The world’s geopolitical theatre has delivered a new act, and it is a farce. Nigeria, in a move that has set alarm bells clanging in the corridors of the British High Commission, has begun evacuating its citizens from South Africa. Why? Because the rainbow nation has apparently decided that its migrant population is a convenient scapegoat for the country’s chronic unemployment and simmering xenophobia. The result: a humanitarian crisis, a diplomatic row, and a flurry of official statements that could replace the script of a particularly dystopian episode of ‘The Thick of It.’
The British High Commission, never one to miss an opportunity to deploy the word ‘concerned’ in a passive-aggressive press release, has duly flagged a ‘migrant crisis.’ Cue the usual dog-whistles. Cue the pundits wringing their hands about ‘strain on public services.’ Cue the proles on social media demanding that the Army be put on standby. Let’s not kid ourselves: the moment a non-white migrant crisis is flagged, it’s not about humanitarianism. It’s about fear. It’s about the primal terror of the Other.

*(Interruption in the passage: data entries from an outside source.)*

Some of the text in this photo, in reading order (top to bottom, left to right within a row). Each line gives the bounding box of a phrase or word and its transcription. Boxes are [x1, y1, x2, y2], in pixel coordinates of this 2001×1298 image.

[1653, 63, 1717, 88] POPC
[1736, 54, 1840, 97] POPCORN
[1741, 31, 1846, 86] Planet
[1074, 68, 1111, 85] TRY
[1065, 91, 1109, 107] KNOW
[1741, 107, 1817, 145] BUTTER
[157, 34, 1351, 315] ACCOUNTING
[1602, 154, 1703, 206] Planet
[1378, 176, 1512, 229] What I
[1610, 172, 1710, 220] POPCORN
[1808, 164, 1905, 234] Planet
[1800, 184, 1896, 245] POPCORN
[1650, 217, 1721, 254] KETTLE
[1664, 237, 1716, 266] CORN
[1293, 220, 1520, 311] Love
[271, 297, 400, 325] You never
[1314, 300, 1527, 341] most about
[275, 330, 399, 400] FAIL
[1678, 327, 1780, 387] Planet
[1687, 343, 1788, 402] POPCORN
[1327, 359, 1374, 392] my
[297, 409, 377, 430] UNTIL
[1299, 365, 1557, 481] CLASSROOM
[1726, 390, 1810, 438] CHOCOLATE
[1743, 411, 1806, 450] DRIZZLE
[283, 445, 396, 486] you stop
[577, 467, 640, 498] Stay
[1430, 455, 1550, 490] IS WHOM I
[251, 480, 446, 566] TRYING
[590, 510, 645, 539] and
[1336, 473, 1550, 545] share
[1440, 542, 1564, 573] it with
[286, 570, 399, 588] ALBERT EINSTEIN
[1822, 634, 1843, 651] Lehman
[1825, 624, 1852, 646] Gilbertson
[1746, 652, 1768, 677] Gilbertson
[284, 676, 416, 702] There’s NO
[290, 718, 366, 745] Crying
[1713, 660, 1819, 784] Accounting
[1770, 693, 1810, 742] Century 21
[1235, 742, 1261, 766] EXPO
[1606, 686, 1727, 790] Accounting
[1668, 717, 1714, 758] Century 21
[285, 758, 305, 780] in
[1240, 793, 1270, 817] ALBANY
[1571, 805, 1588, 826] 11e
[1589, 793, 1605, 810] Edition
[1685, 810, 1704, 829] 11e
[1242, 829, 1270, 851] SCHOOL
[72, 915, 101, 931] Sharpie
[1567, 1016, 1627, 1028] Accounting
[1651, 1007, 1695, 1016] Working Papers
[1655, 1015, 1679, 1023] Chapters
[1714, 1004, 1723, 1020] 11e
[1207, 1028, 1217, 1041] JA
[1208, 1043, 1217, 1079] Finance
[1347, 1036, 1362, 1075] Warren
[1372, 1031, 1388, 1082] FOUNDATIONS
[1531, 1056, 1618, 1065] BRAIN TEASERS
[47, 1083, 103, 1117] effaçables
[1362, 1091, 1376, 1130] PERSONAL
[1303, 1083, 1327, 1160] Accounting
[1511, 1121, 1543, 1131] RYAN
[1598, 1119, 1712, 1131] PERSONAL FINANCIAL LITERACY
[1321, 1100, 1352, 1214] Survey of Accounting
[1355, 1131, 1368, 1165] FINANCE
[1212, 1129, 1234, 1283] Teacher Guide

But what is the actual crisis? A few thousand Nigerians, many of them skilled workers, being bused to airports by their government because they are being attacked by mobs wielding machetes and shouting ‘Go back to your country!’ This is a crisis of violence, of state-sanctioned paranoia, of a government in Pretoria that has allowed anti-immigrant sentiment to fester into a pustule that now threatens to burst. And yet the focus, as ever, is on the migrants themselves. The narrative: ‘They are coming, they are coming, seal the borders!’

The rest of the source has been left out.